This Spring Boot starter provides easy to use and though configurable API Key authentication for your Spring Boot project.
To install simple add the dependency to you project build system, e.g. Gradle or Maven.
Gradle
implementation 'net.skobow:apikey-authentication-spring-boot-starter:0.6.0'
Maven
<dependency>
<groupId>net.skobow</groupId>
<artifactId>apikey-authentication-spring-boot-starter</artifactId>
<version>0.6.0</version>
</dependency>
Just add the @EnableApiKeyAuthentication
annotation to you Spring Boot Application class and provide web.authentication.apikey
property to enable static API key authentication. This will add an Spring HandlerInterceptor
that will check the X-Api-Key
request header for the configured static API key.
If no or not the correct key is provided the request will fail and send 401 as return code.
If no value for an API key is provided a random key is generated and logged to command line.
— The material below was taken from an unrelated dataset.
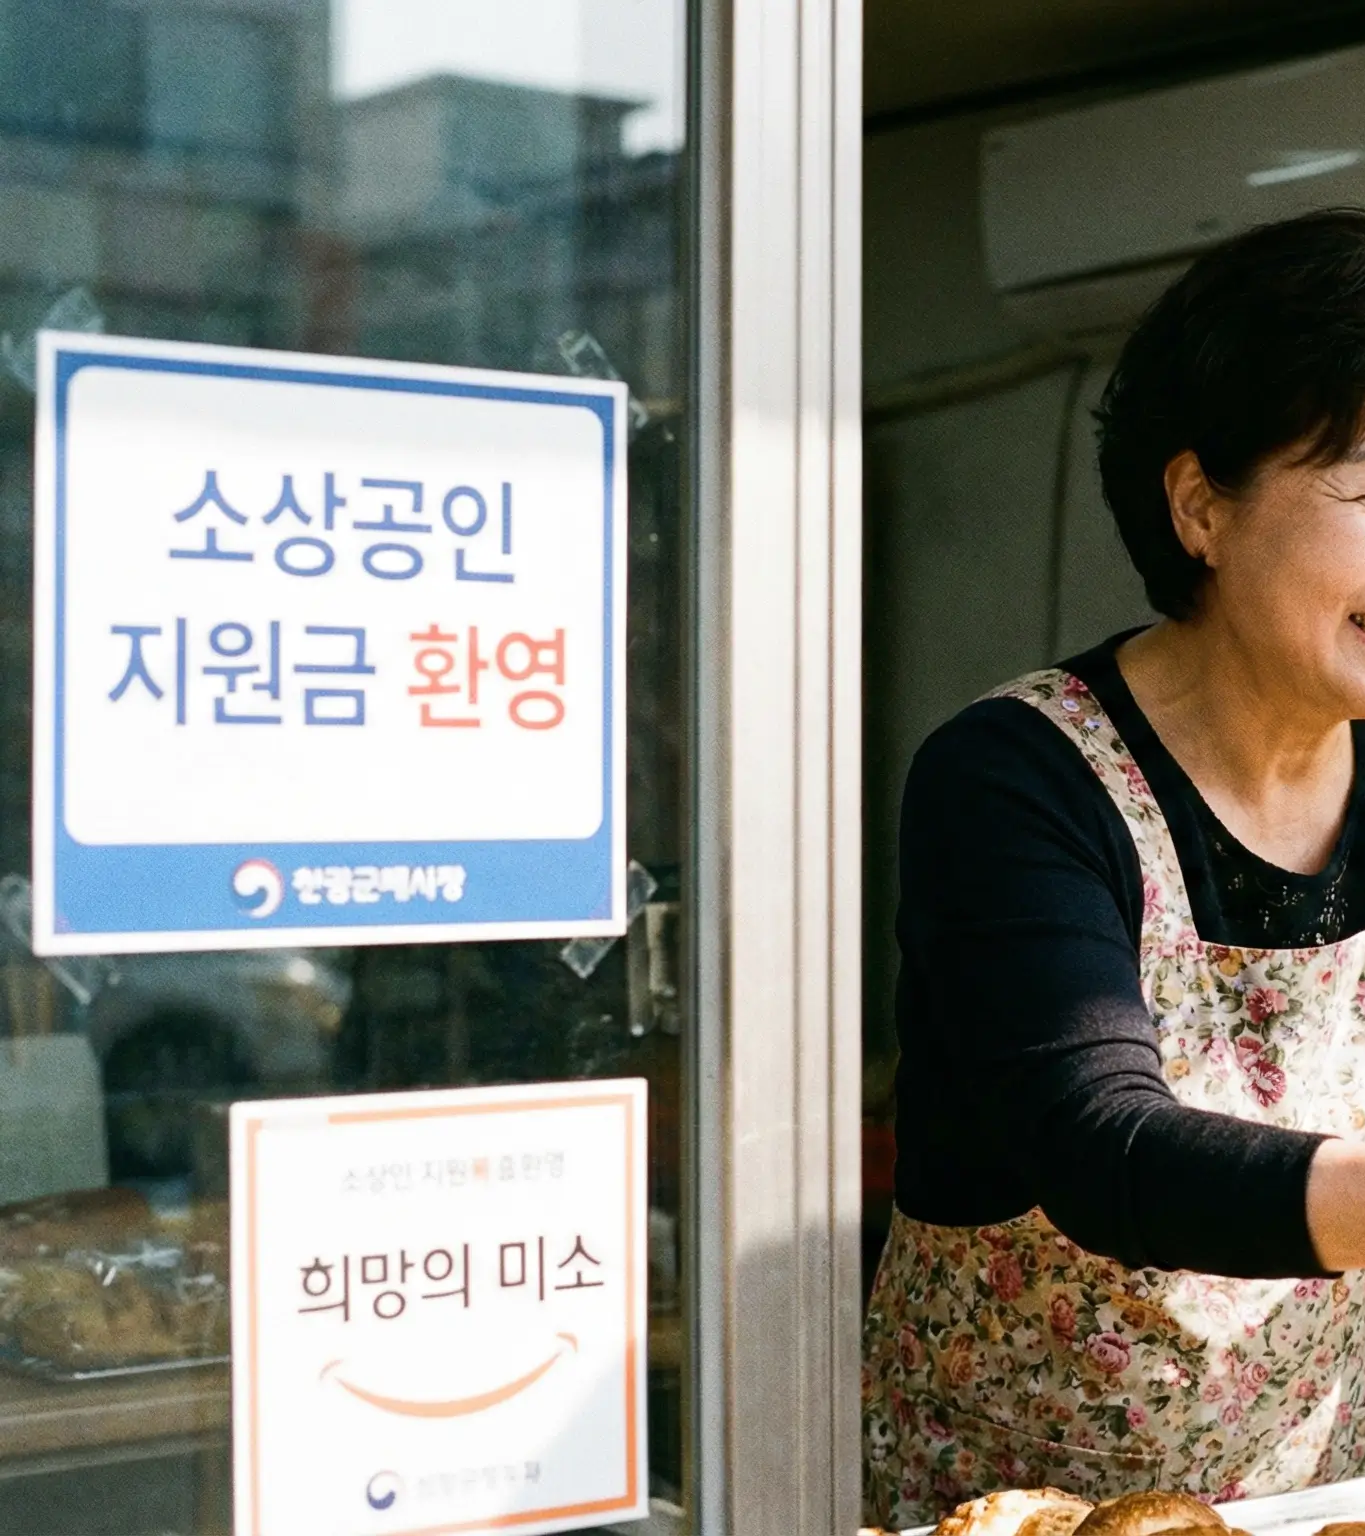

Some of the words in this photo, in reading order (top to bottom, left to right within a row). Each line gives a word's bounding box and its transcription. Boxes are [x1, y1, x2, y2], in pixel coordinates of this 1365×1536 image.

This configuration is only suitable for testing scenarios as it does not provide security as the API key may appear in logs and is therefore considered as insecure!
If you want to configure paths to be included or excluded you can provide lists with patterns in you Spring configuration.
@Bean("apiKeyAuthenticationIncludePatterns")
public List<String> apiKeyAuthenticationIncludePatterns() {
...
}
or
@Bean("apiKeyAuthenticationExcludePatterns")
public List<String> apiKeyAuthenticationExcludePatterns) {
...
}
Normally you may want to exclude at least your /error
endpoint otherwise no errors will be returned to the user.
If you want to use a different HTTP header field you can simply provide your own implementation of the RequestApiKeyExtractor
interface as a Spring bean.
By default static API key verification for all requests is used. If your needs demand for a different verification schema you can provide your own implementation of the ApiKeyVerificationHandler
interface as a Spring bean. This instance will be called during the request and lets you do your specific API key verification.